Certains investisseurs ont ainsi décidé de segmenter leur portefeuille entre :

  • actifs liés à la croissance (principalement actions, cotées ou non, et obligations à haut rendement),
  • actifs de rendement (obligations nominales), principalement influencés par la direction des taux d’intérêt,
  • actifs indexés sur l’inflation (obligations indexées, matières premières et devises qui leur sont liées – dollar australien ou canadien notamment-),
  • actifs destinés à capter une prime d’illiquidité.
  • dans le domaine obligataire, les principaux facteurs, duration, déformation de la courbe des taux, crédit, sont ceux sur lesquels tout gérant obligataire se positionne, illustrant le fait que les gérants obligataires appliquent l’allocation par facteurs comme M Jourdain fait de la prose. Il s’agit de facteurs générateurs d’une sur-rentabilité sur le long terme, au prix d’un risque accru, et qui peuvent également faire l’objet d’une allocation dynamique, en fonction notamment de l’évolution attendue (à la hausse ou à la baisse) des taux d’intérêt ou des spreads de crédit.
  • les facteurs relatifs aux actions. De nombreux travaux ont ainsi montré que les facteurs taille et valeur bénéficient d’une prime systématique: les petites et moyennes capitalisations sur-performent les grandes, tandis que les valeurs peu chères sur-performent celles dont la valorisation est supérieure à la moyenne du marché. Cette entorse apparente à la théorie de l’efficience des marchés peut s’expliquer par le risque supérieur des valeurs concernées, ou bien par des biais comportementaux – couverture réduite des petites capitalisations par les analystes, confort des gérants à privilégier des valeurs à forte croissance qui suscitent l’engouement des investisseurs, même au prix d’une valorisation élevée-. À ces deux facteurs « historiques » se sont ajoutés ces dernières années les facteurs suivants:
    • la qualité, à travers des ratios tels que la rentabilité des capitaux investis,
    • la volatilité : les valeurs à faible volatilité affichent des performances supérieures aux valeurs à volatilité élevée, en contradiction avec la théorie qui relie positivement rentabilité et risque,
    • le momentum (les valeurs qui se sont bien comportées sur la période récente sur-performent les autres, traduisant le caractère moutonnier des investisseurs, en tout cas jusqu’à un certain point).
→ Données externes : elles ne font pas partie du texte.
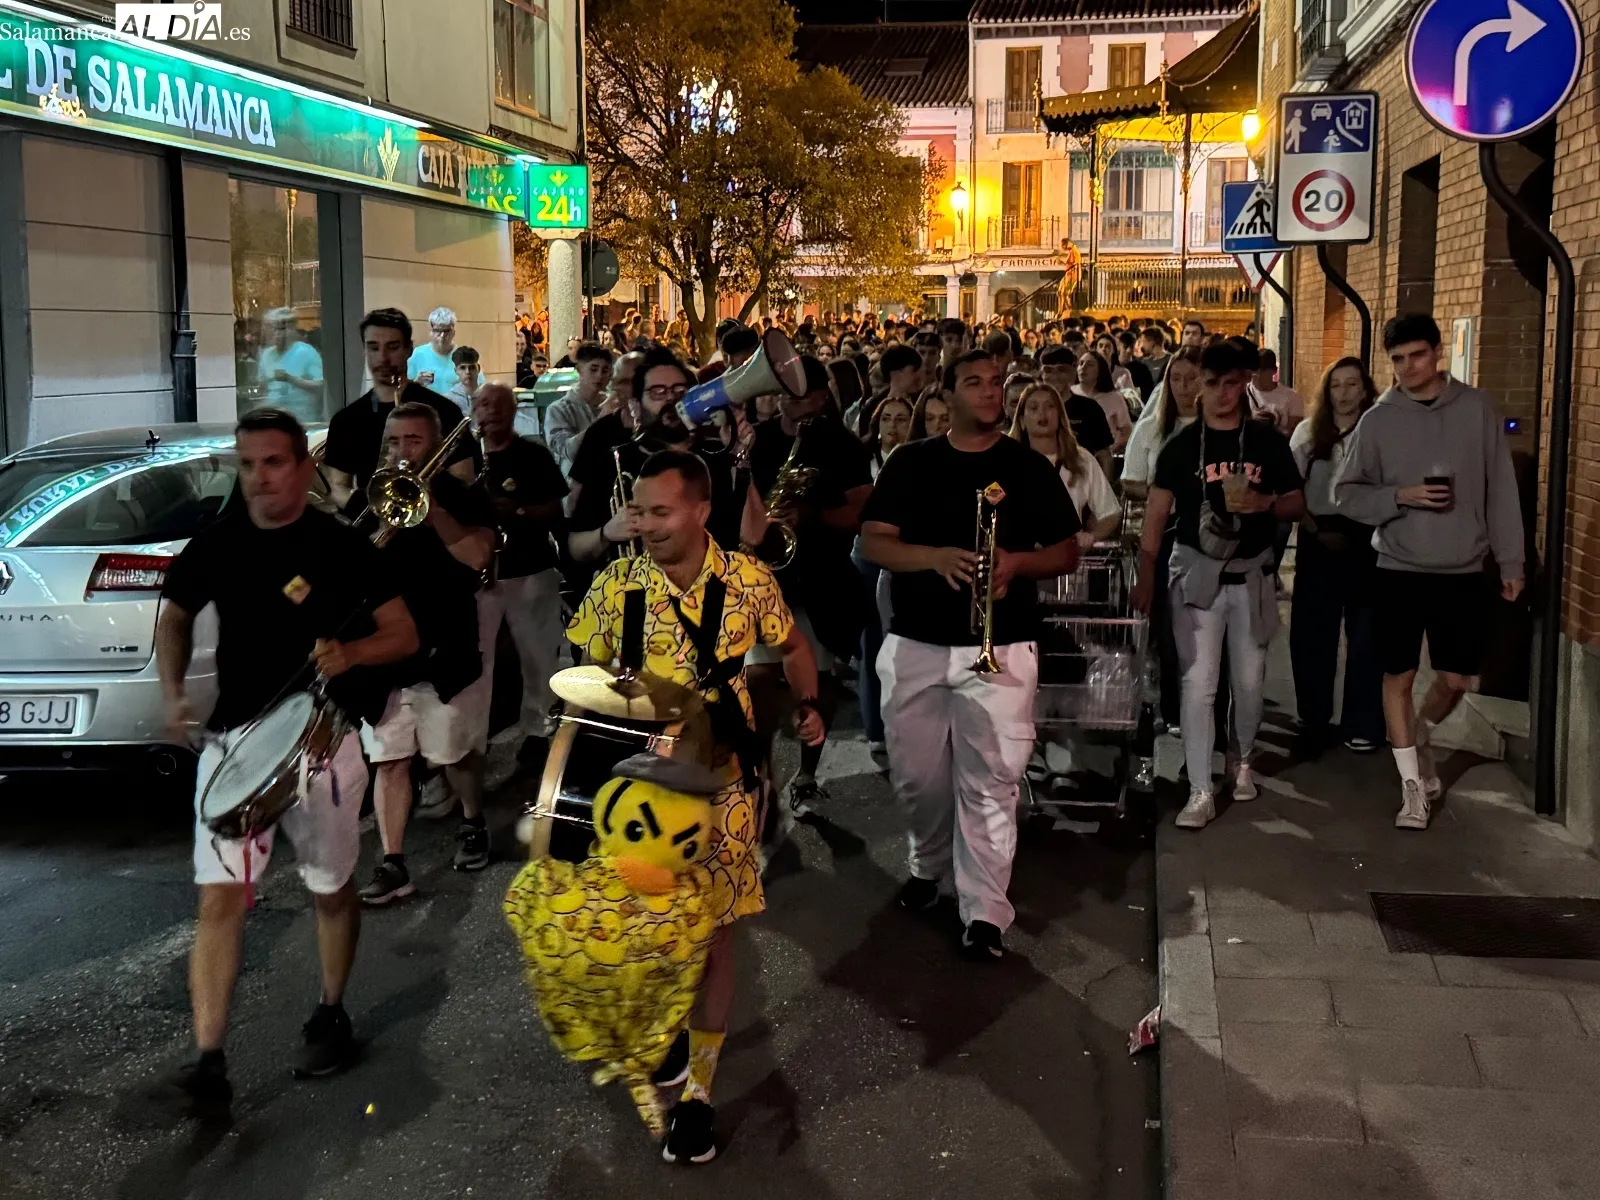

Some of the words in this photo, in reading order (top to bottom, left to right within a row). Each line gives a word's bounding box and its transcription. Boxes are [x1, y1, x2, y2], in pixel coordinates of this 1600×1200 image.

[24, 37, 78, 101] DE
[88, 55, 276, 148] SALAMANCA
[418, 145, 455, 189] CAJA
[536, 195, 582, 226] 24h
[1304, 189, 1344, 213] 20
[21, 700, 70, 724] GJJ
Il suffirait alors de se positionner sur l’un de ces facteurs, et d’attendre qu’il délivre la surperformance attendue. C’est évidemment trop simple. D’abord parce que certains facteurs peuvent connaitre de longues phases de sous-performance. On se souvient par exemple de tous ces gérants « value », c’est-à-dire privilégiant les valeurs décotées, qui sont tombés en disgrâce à la fin des années 1990 suite à des résultats très décevants, alors que le marché ne jurait que par les valeurs technologiques ou de télécommunications promises à un avenir radieux qui s’est terminé par l’éclatement de la bulle en 2000-2002. Ces gérants ont eu raison, mais parfois trop tard pour conserver leur poste…

On peut en revanche montrer qu’une stratégie diversifiée entre plusieurs facteurs surperformants sur le long terme permet d’obtenir une rentabilité supérieure à celle d’un indice de marché, assortie d’une faible volatilité relative à cet indice. Un portefeuille surpondérant à la fois les petites capitalisations, les valeurs décotées et de qualité pourra ainsi délivrer une surperformance stable dans la durée.
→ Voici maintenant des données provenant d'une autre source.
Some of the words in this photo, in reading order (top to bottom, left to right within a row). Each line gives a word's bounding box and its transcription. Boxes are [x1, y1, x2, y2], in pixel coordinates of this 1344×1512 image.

Mieux encore, l’allocation du portefeuille à ces valeurs peut être gérée de manière dynamique, en fonction de la relation identifiée entre le comportement de ces facteurs et certaines variables macro-financières. Une phase de reprise économique est ainsi traditionnellement favorable aux petites capitalisations (facteur taille); une fois la croissance bien établie, priorité devra être accordée au facteur momentum, tandis qu’il faudra privilégier les titres à faible volatilité et de qualité dans les phases de retournement baissier du cycle économique.

Bien sûr, comme dans l’exemple cité plus haut sur la structuration d’un portefeuille par facteurs macroéconomiques, l’ajout de performance dépend de la capacité du gérant à bien identifier la phase du cycle dans laquelle se trouve le marché, et à rapidement modifier son allocation en conséquence. L’allocation par facteurs n’est donc pas la panacée et ne dispense pas au gérant de tenter d’anticiper la direction du marché.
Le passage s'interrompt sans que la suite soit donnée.